In September 2015, he was beaten up outside of a bar in the center of Podgorica. He gave a statement to police where he said that the manager of the bar beat him up. After the incident, Dajković stated that the manager of the bar is closely related to then Prime Minister and the current President of Montenegro, Milo Đukanović. He also stated that he will not stop his political activism until Đukanović leaves office.

He also appeared in a TV talk show hosted by a Serbian-Canadian director Boris Malagurski. Dajković has established himself as a fierce critic of the ruling DPS of Milo Đukanović, as well as the accession of Montenegro to NATO.

In 2018, he was one of the founders and was named the general secretary of the True Montenegro, a right-wing populist political party in Montenegro which is led by Marko Milačić, also a former member of the "Movement for Neutrality".

In September 2019, Dajković and Milačić were arrested after Milačić climbed on the roof of the car and gave a speech he was supposed to give in front of the prosecutor's office. The Police Administration announced that he prevented the officers of the Communal Inspection from performing their official duties. In late 2019, Milačić removed Dajković from his position as the general secretary due to the "insurmountable loss of professional and personal trust".

He has participated in numerous protests against the government including the Montenegrin religious protests in 2019-2020. For the 2020 Montenegrin parliamentary elections, he endorsed the coalition For the Future of Montenegro, and its leader Zdravko Krivokapić. He also announced that he will be joining the campaign of the coalition.

He has received media attention for posting many anti-government humorous videos on his Facebook page which numbers more than 100,000 followers. He holds good relations with a Serbian nationalist politician, Miša Vacić and a Republika Srpska politician, Draško Stanivuković with whom he participated in an anti-government rally in Nikšić on 28 August 2020. In October 2020, Dajković went to Belgrade to pick up his master's diploma. His car also ended up keyed with the inscription "MNE" (abbreviation for Montenegro). He accused the people close to President Đukanović for this incident.

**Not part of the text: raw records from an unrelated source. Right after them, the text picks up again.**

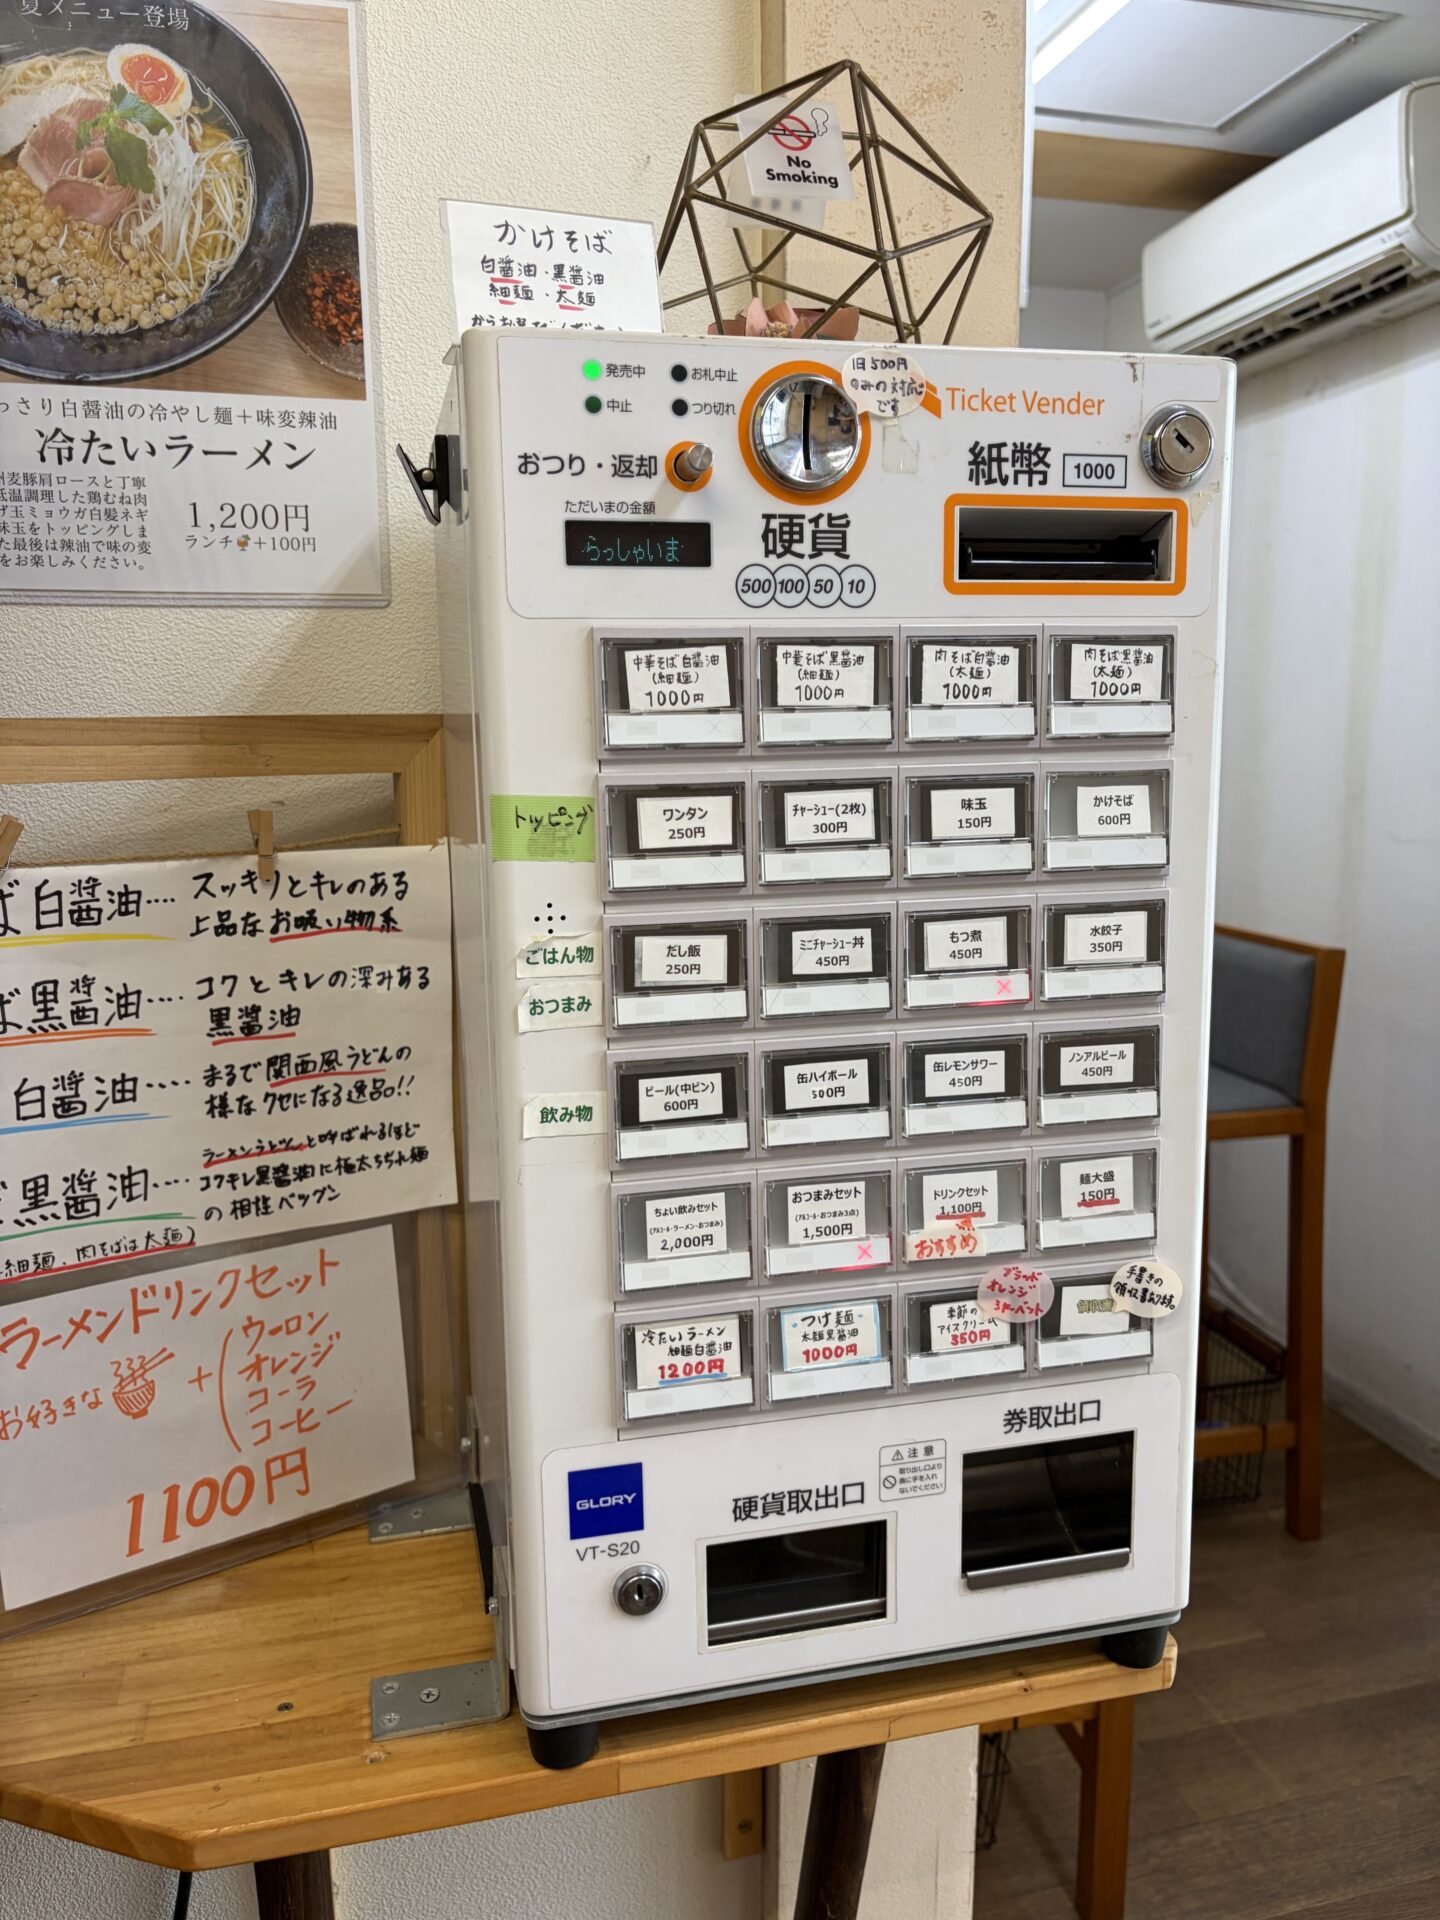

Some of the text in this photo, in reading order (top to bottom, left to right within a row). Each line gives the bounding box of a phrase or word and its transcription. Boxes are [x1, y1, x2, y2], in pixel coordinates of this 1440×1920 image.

[20, 0, 190, 31] 夏メニュー登場
[786, 155, 811, 168] No
[766, 168, 838, 188] Smoking
[493, 219, 613, 255] かけそば
[605, 364, 646, 379] 発売中
[691, 367, 738, 382] お札中止
[607, 399, 633, 413] 中止
[691, 401, 736, 416] つり切れ
[876, 397, 900, 417] です
[945, 387, 1105, 416] Ticket Vender
[35, 427, 317, 470] 冷たいラーメン
[517, 453, 657, 479] おつり・返却
[967, 440, 1115, 487] 紙幣 1000
[563, 500, 656, 515] ただいまの金額
[189, 502, 310, 533] 1,200円
[761, 513, 851, 560] 硬貨
[740, 579, 865, 594] 500 100 50 10
[633, 651, 720, 672] 中華そば白醤油
[934, 648, 1010, 667] 肉そば白醤油
[794, 685, 845, 702] 1000円
[942, 682, 992, 700] 1000円
[1091, 680, 1142, 698] 1000円
[644, 690, 704, 707] 1000円
[961, 797, 987, 812] 味玉
[1093, 794, 1135, 808] かけそば
[515, 804, 594, 835] トッピング
[662, 806, 708, 823] ワンタン
[957, 816, 992, 829] 150円
[1098, 813, 1131, 826] 600円
[668, 826, 706, 841] 250円
[812, 821, 848, 834] 300円
[949, 929, 983, 944] もつ煮
[1089, 924, 1123, 937] 水餃子
[525, 946, 594, 965] ごはん物
[666, 944, 701, 959] だし飯
[949, 947, 983, 960] 450円
[1089, 941, 1123, 953] 350円
[665, 963, 701, 976] 250円
[815, 955, 850, 967] 450円
[197, 965, 431, 1001] コクとキレの深みある
[529, 996, 592, 1016] おつまみ
[206, 1003, 301, 1037] 黒醤油
[1068, 1049, 1127, 1063] ノンアルビール
[202, 1045, 412, 1088] まるで関西風うどんの
[933, 1059, 998, 1073] 缶レモンサワー
[1081, 1065, 1113, 1077] 450円
[796, 1068, 858, 1084] 缶ハイボール
[948, 1075, 983, 1088] 450円
[645, 1081, 715, 1098] ビール(中ビン)
[811, 1086, 845, 1100] 500円
[539, 1105, 593, 1124] 飲み物
[663, 1099, 699, 1112] 600円
[1079, 1171, 1115, 1186] 麺大盛
[792, 1186, 862, 1204] おつまみセット
[933, 1185, 989, 1200] ドリンクセット
[1080, 1188, 1115, 1202] 150円
[654, 1201, 718, 1217] ちょい飲みセット
[940, 1201, 982, 1216] 1,100円
[803, 1223, 853, 1240] 1,500円
[660, 1233, 714, 1252] 2,000円
[914, 1233, 978, 1260] おすすめ
[1126, 1265, 1163, 1287] 手書きの
[986, 1278, 1036, 1298] オレンジ
[0, 1248, 340, 1370] ラーメンドリンクセット
[800, 1308, 855, 1328] つけ麺
[947, 1304, 977, 1320] 季節の
[241, 1311, 329, 1355] ウーロン
[641, 1325, 727, 1347] 冷たいラーメン
[950, 1329, 991, 1346] 350円
[802, 1343, 858, 1364] 1000円
[658, 1357, 725, 1380] 1200円
[0, 1389, 103, 1441] お好きな
[238, 1332, 341, 1382] オレンジ
[247, 1376, 317, 1413] コーラ
[252, 1399, 354, 1446] コーヒー
[1002, 1400, 1101, 1436] 券取出口
[125, 1446, 310, 1557] 1100円
[576, 1492, 637, 1511] GLORY
[732, 1481, 865, 1523] 硬貨取出口
[576, 1540, 640, 1562] VT-S20

On 26 May 2021, Dajković announced that he is ready to run for mayor of Podgorica.

During the 2021 North Kosovo protests, Dajković visited the local Serbs protesting against the ban of Serbian license plates in Kosovo. Following his visit he received death threats.

In October 2021, Dajković founded Free Montenegro, a right-wing populist political party, announcing his candidacy for the mayor of Podgorica office, at the next Capital City local election in May 2022.

Dajković was elected member of the City Assembly of Podgorica as part of the Democratic Front coalition at the 2022 local elections and was sworn in on 12 April 2023. In August 2023, the mayor Olivera Injac appointed him the head of the Service for Citizens of Podgorica.

In August 2026, Dajković was given a tour of Christiansborg, the seat of the Folketing, by danish MF and leader of Danish People's Party Morten Messerschmidt. Following the visit Messerschmidt received backlash from other members of the Folketing.